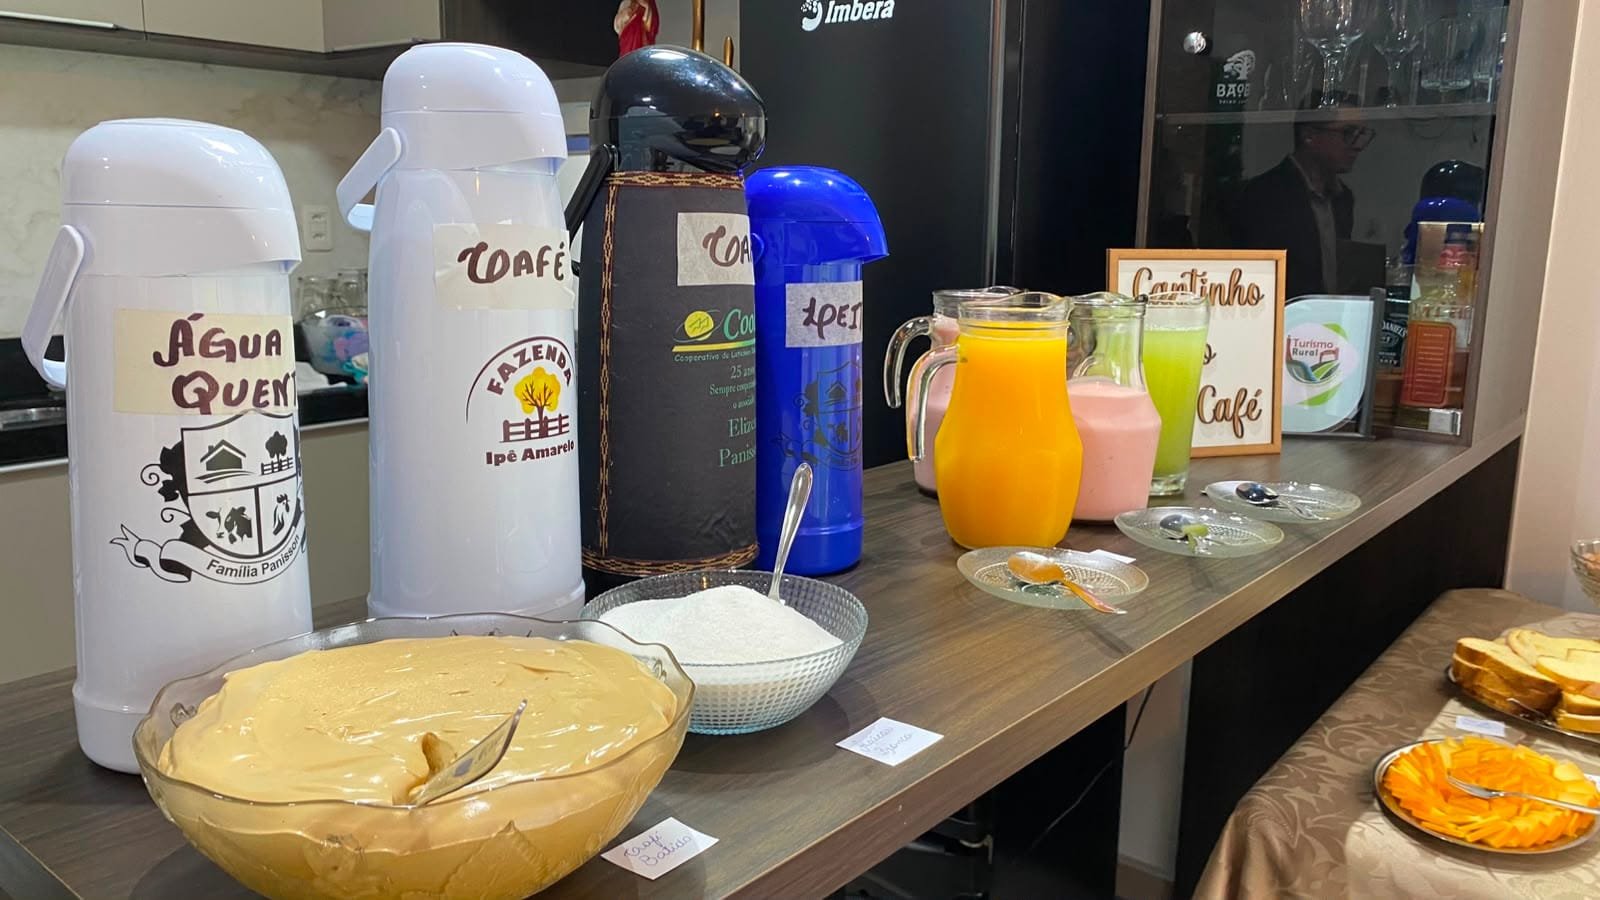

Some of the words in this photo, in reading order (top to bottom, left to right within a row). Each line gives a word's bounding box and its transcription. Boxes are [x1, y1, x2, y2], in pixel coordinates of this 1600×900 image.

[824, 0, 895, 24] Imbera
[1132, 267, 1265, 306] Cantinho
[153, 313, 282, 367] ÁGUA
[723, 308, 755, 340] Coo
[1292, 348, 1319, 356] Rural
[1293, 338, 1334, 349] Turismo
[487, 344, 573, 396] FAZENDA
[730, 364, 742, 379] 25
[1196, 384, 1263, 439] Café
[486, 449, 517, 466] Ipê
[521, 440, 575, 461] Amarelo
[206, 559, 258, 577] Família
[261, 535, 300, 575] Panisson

WHAT YOU WILL DO >> Repeat every record above exactly, except the pictures.

PROBLEM SOLUTION >>
Some of the words in this photo, in reading order (top to bottom, left to right within a row). Each line gives a word's bounding box and its transcription. Boxes are [x1, y1, x2, y2], in pixel coordinates of this 1600×900 image.

[824, 0, 895, 24] Imbera
[1132, 267, 1265, 306] Cantinho
[153, 313, 282, 367] ÁGUA
[723, 308, 755, 340] Coo
[1292, 348, 1319, 356] Rural
[1293, 338, 1334, 349] Turismo
[487, 344, 573, 396] FAZENDA
[730, 364, 742, 379] 25
[1196, 384, 1263, 439] Café
[486, 449, 517, 466] Ipê
[521, 440, 575, 461] Amarelo
[206, 559, 258, 577] Família
[261, 535, 300, 575] Panisson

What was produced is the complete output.